| PROBLEM |
Leaving out any pictures, transcribe every record exactly.
Top of EXTRACTED INFORMATION
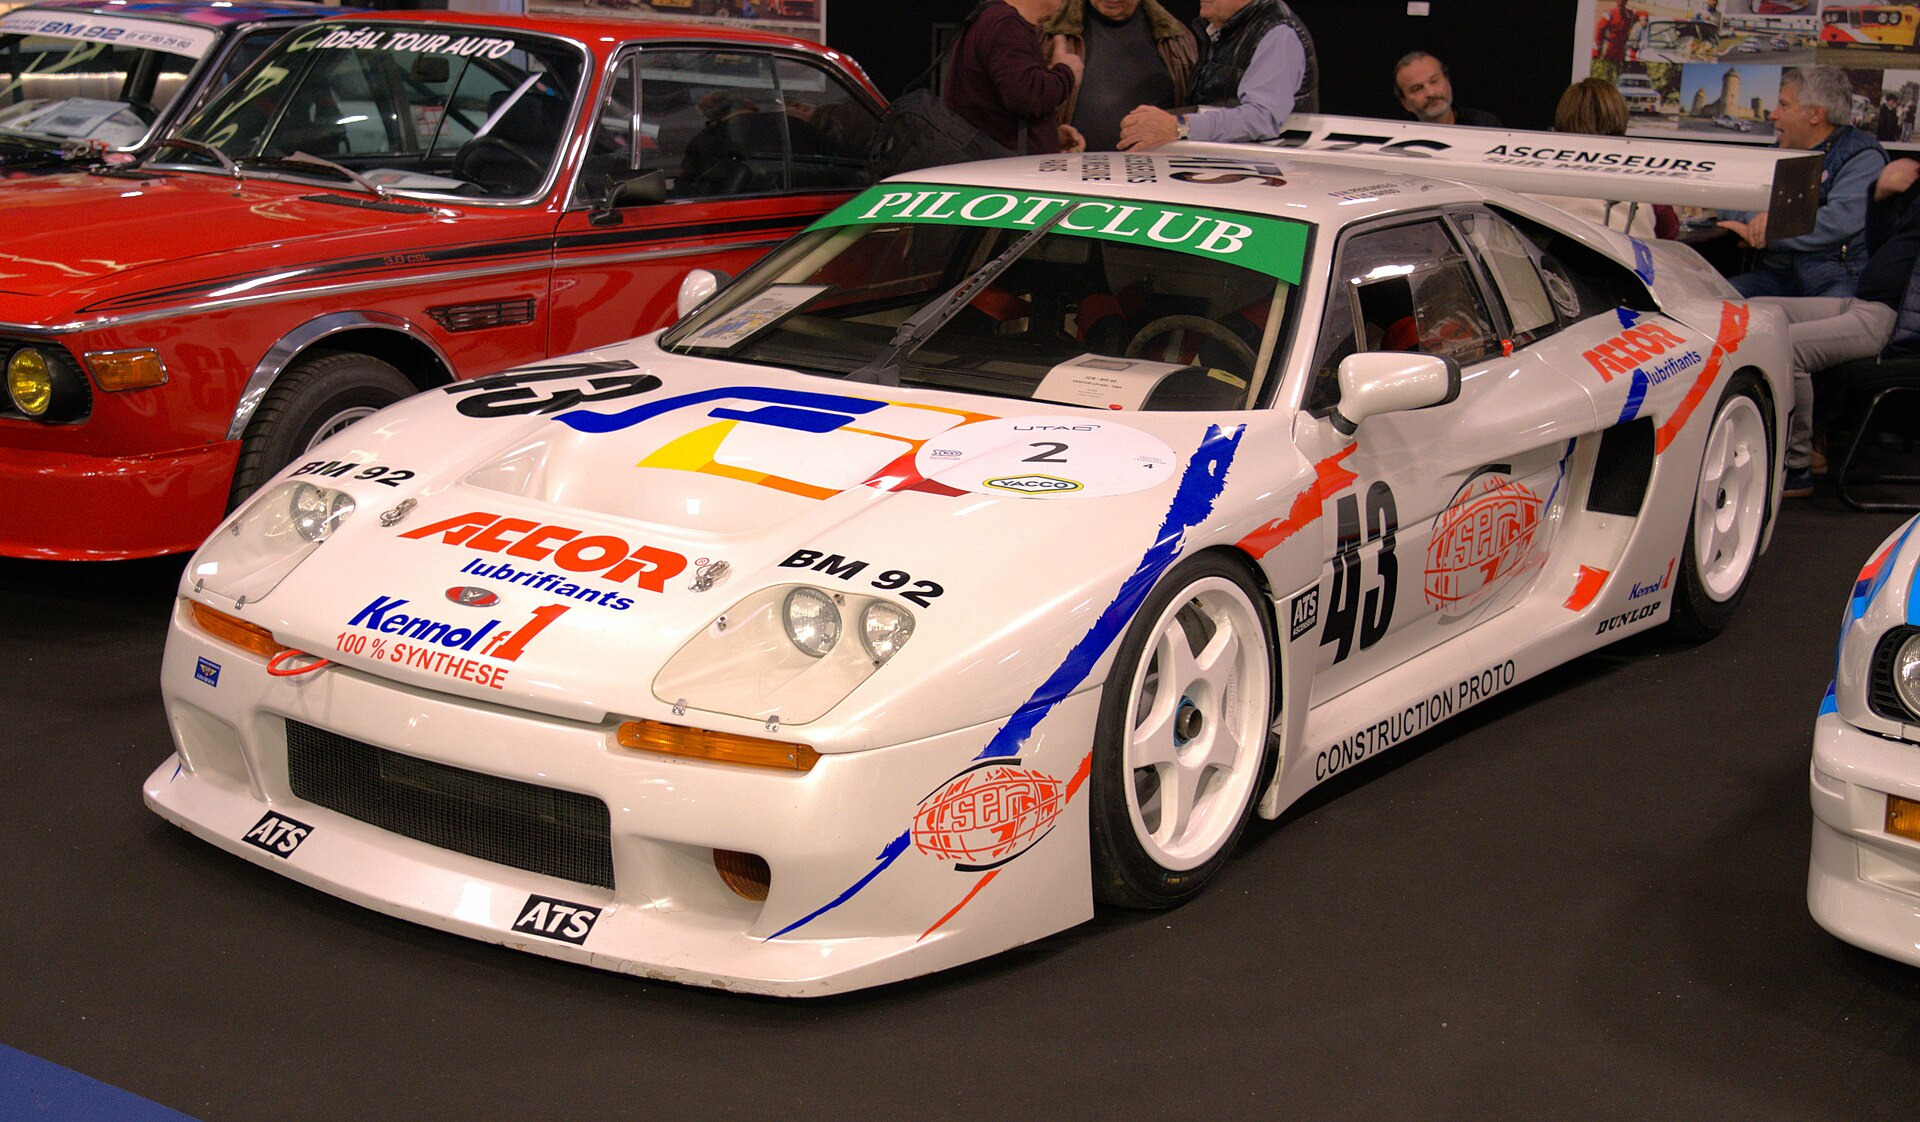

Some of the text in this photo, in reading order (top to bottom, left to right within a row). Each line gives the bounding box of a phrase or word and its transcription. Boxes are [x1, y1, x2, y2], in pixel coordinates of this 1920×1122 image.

[39, 21, 84, 35] BM
[83, 26, 126, 40] 92
[316, 27, 515, 59] IDÉAL TOUR AUTO
[1484, 145, 1716, 173] ASCENSEURS
[857, 191, 1253, 254] PILOTCLUB
[1582, 323, 1687, 384] ACCOR
[1645, 349, 1702, 387] lubrifiants
[442, 359, 663, 418] 43
[1021, 441, 1069, 464] 2
[287, 461, 416, 488] BM 92
[999, 479, 1069, 489] YACCO
[396, 512, 688, 594] ACCOR
[459, 558, 635, 611] lubrifiants
[777, 549, 944, 609] BM 92
[1319, 480, 1399, 666] 43
[1628, 574, 1663, 600] Kennol
[347, 595, 502, 652] Kennol
[1293, 591, 1317, 627] ATS
[1595, 601, 1661, 635] DUNLOP
[336, 631, 509, 690] 100 % SYNTHESE
[1315, 687, 1453, 781] CONSTRUCTION
[1458, 659, 1515, 708] PROTO
[247, 816, 307, 853] ATS
[515, 901, 597, 938] ATS
Bottom of EXTRACTED INFORMATION
| PROBLEM SOLUTION |
Some of the text in this photo, in reading order (top to bottom, left to right within a row). Each line gives the bounding box of a phrase or word and its transcription. Boxes are [x1, y1, x2, y2], in pixel coordinates of this 1920×1122 image.

[39, 21, 84, 35] BM
[83, 26, 126, 40] 92
[316, 27, 515, 59] IDÉAL TOUR AUTO
[1484, 145, 1716, 173] ASCENSEURS
[857, 191, 1253, 254] PILOTCLUB
[1582, 323, 1687, 384] ACCOR
[1645, 349, 1702, 387] lubrifiants
[442, 359, 663, 418] 43
[1021, 441, 1069, 464] 2
[287, 461, 416, 488] BM 92
[999, 479, 1069, 489] YACCO
[396, 512, 688, 594] ACCOR
[459, 558, 635, 611] lubrifiants
[777, 549, 944, 609] BM 92
[1319, 480, 1399, 666] 43
[1628, 574, 1663, 600] Kennol
[347, 595, 502, 652] Kennol
[1293, 591, 1317, 627] ATS
[1595, 601, 1661, 635] DUNLOP
[336, 631, 509, 690] 100 % SYNTHESE
[1315, 687, 1453, 781] CONSTRUCTION
[1458, 659, 1515, 708] PROTO
[247, 816, 307, 853] ATS
[515, 901, 597, 938] ATS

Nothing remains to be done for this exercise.